Action de groupe en santé
C’est un pas en avant pour les victimes, mais le dispositif tel qu’il est décrit dans le texte actuel manque de précision. En particulier, les modalités et la prise en charge de l’expertise individuelle, point crucial, ne sont pas précisées. La médiation pose également problème. En outre, l’action de groupe ne modifiera en rien la loi qui s’applique aux médicaments, or cette loi, issue de la directive sur les produits défectueux, constitue actuellement une impasse pour les victimes.

Droit à l’oubli
Il est prévu de déterminer un délai au-delà duquel les personnes ayant souffert d’un cancer ne peuvent plus se voir appliquer de majoration de tarifs pour assurer un emprunt.

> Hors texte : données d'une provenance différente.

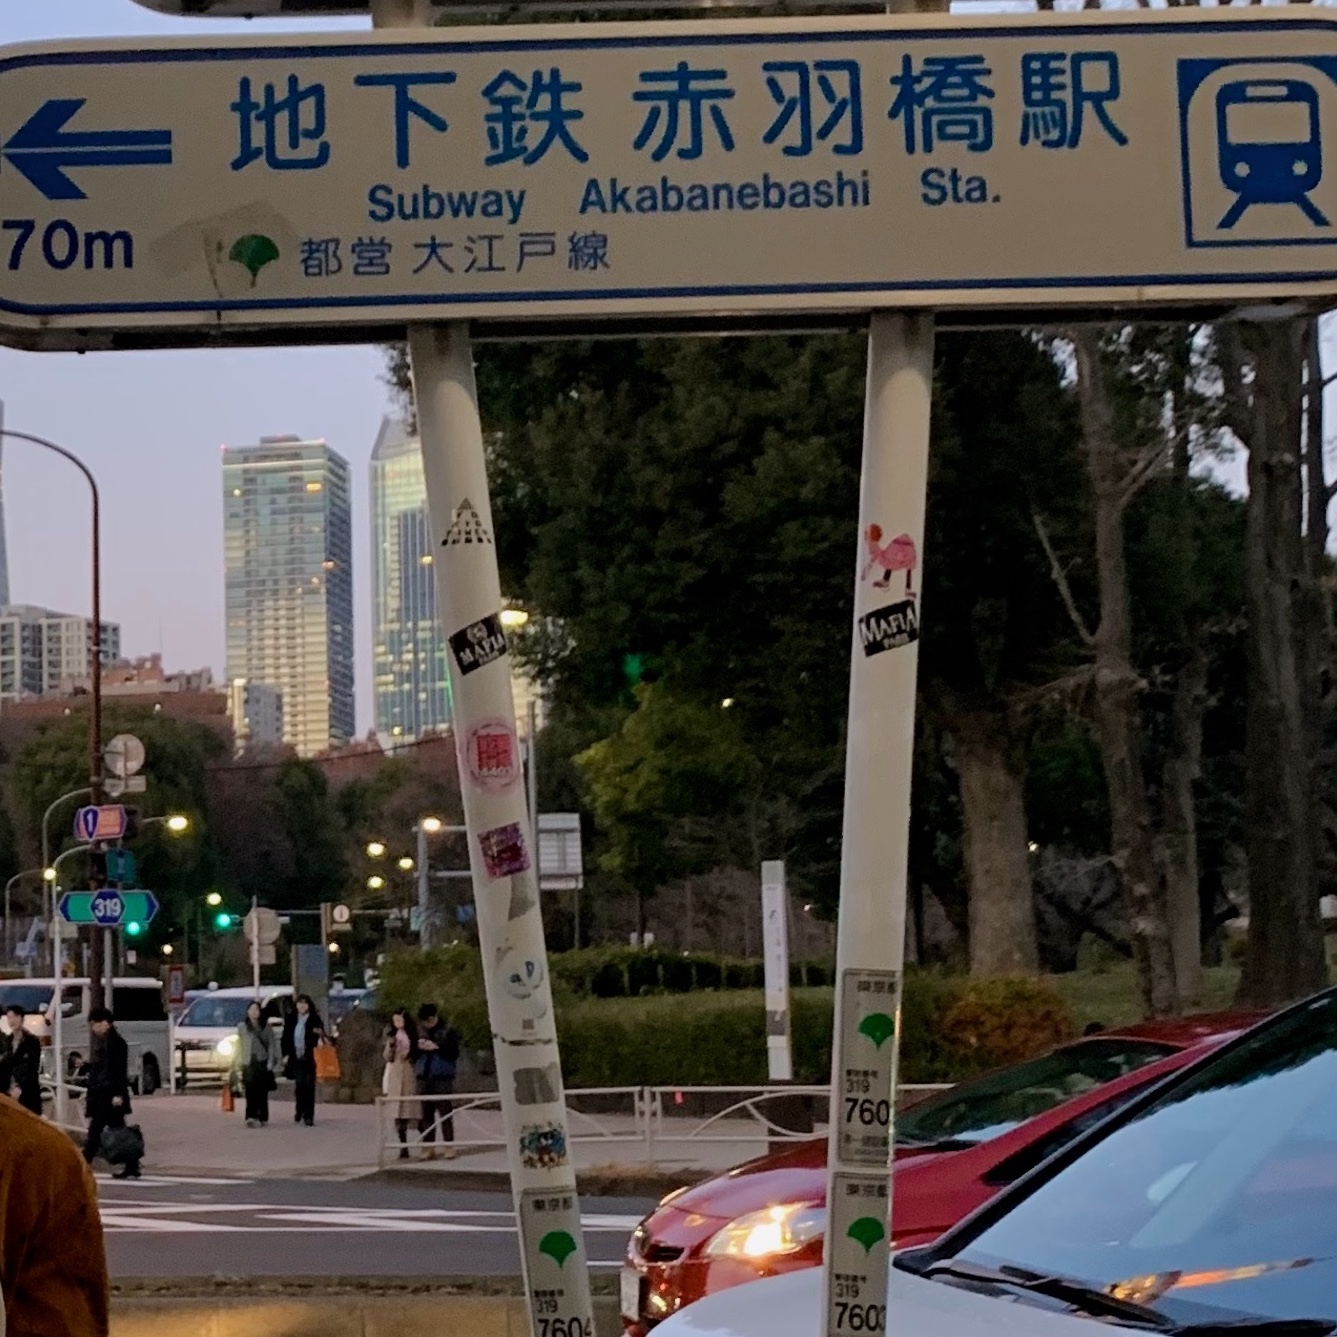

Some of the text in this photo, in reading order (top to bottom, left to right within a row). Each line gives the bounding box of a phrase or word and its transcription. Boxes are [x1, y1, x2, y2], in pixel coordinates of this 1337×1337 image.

Ces dispositions pourraient être étendues aux patients souffrant d’une maladie chronique, dans la mesure où les traitements ont progressé au point qu’ils ne doivent plus être considérés comme « à risque ».

Données de santé
– L’assurance maladie hérite du dossier médical personnel (DMP), sorte de document électronique rassemblant les résultats d’examen, comptes-rendus d’hospitalisation, diagnostics et bilans de chacun. Le DMP n’en finit pas de ne pas aboutir depuis plus de 10 ans.

– Un dispositif règlementerait l’accès aux bases de données de l’assurance maladie et des hôpitaux. Les autorisations d’accès seraient gérées par un Système national des données de santé (SNDS), l’objectif étant de favoriser les études de santé publique tout en bloquant les velléités commerciales des assureurs et des banquiers.

 Divers
– Perturbateurs endocriniens. La demande de l’UFC-Que Choisir d’identifier les composés ayant un effet perturbateur, afin de les encadrer, n’a pas été entendue. Mais un amendement interdisant le bisphénol A dans l’ensemble des objets destinés aux enfants a été adopté.

– Déprescription chez les personnes âgées. L’UFC souhaite que la Haute Autorité de santé évalue la consommation de médicaments chez les personnes âgées et formule des recommandations pour la faire baisser. L’idée d’inscrire la déprescription dans les objectifs conditionnant le complément annuel de rémunération des médecins n’a pas été retenue.